My whitetail season was also a bust. I shot a freezer doe on the first day at my camp, but spent most of season elsewhere trying to fill a hard-to-pull mule deer tag. I returned to my camp for the last two days with my son, but couldn’t find a reasonable white-tailed buck.

The entire year couldn’t have gone much worse. Yet still, I thoroughly enjoyed it all

As for that mulie tag? I hunted for three consecutive days on three consecutive weeks, turning down well over 100 bucks. I was holding out for a deer that would make the eight-year wait worthwhile, and eventually I found him. Following a serious of unfortunate events, however, I ended up shooting the wrong buck, which was smaller than the dozens I’d passed on earlier.

I was also fortunate enough to draw a December cow elk tag for southern Alberta, where it’s usually a pretty sure thing. But with two deer already in the freezer, ugly weather, poor elk reports and too much work on my desk, I ended up not going.
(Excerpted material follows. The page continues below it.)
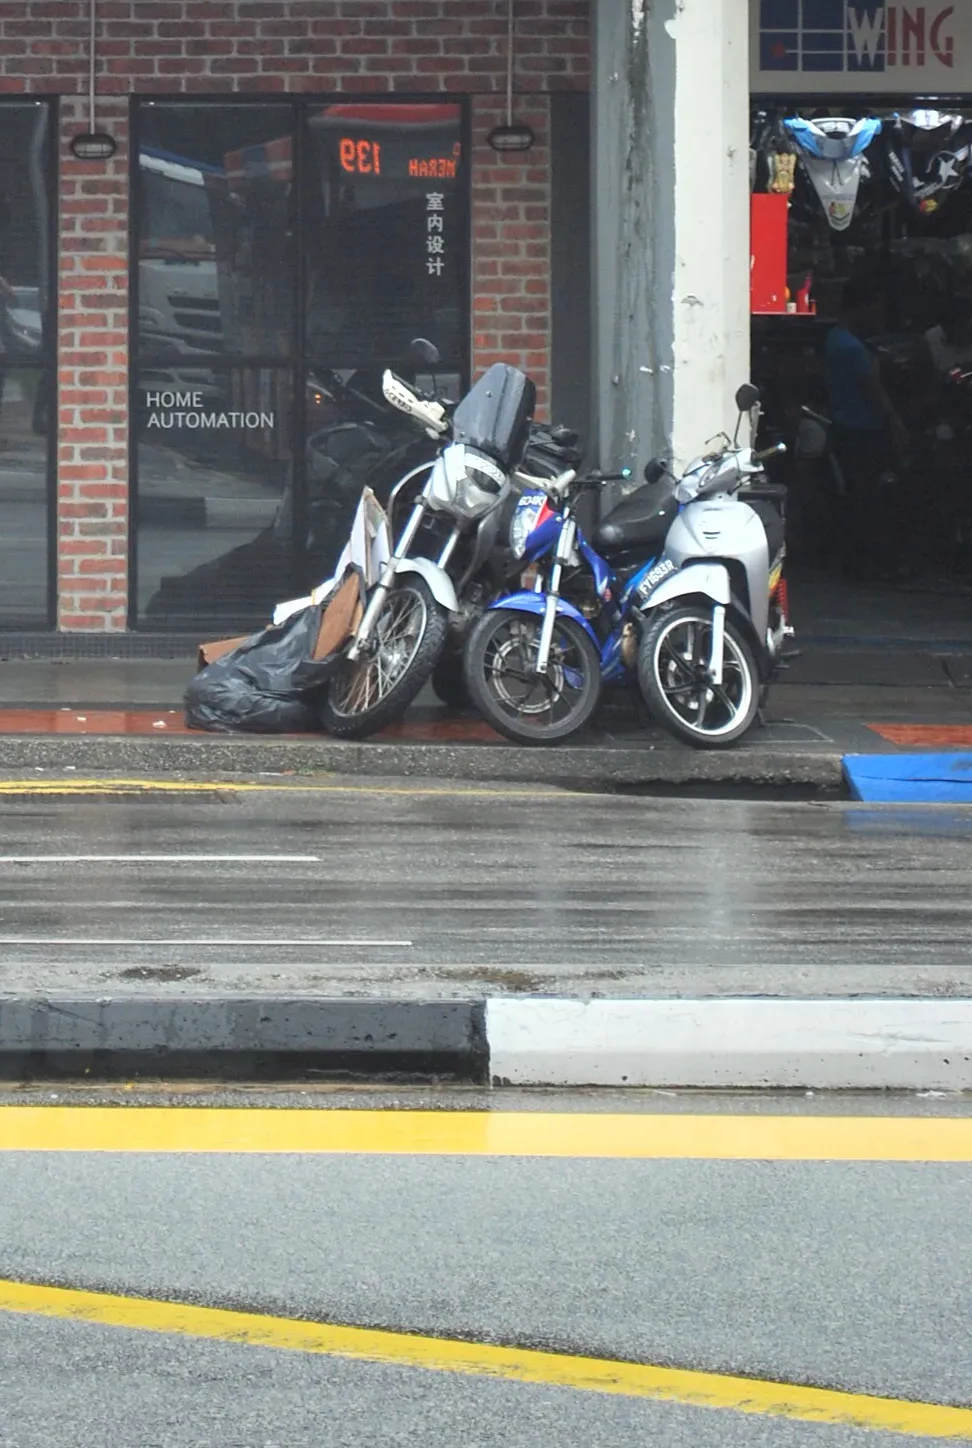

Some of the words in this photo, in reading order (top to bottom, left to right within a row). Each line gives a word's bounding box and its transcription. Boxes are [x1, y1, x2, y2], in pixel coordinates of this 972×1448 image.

[847, 6, 955, 68] WING
[426, 192, 445, 277] 室内设计
[146, 391, 204, 408] HOME
[147, 412, 275, 429] AUTOMATION
At least I had meat in the freezer in my son’s garage—that is until someone unintentionally pulled the plug while he was away. We lost my two deer, his whitetail, some pheasants and a bunch of ducks and geese.

By all accounts, the entire year couldn’t have gone much worse. Yet still, I thoroughly enjoyed it all, being able to spend quality time with great friends and family in the outdoors. Such is the nature of hunting and fishing. And why we love it so much.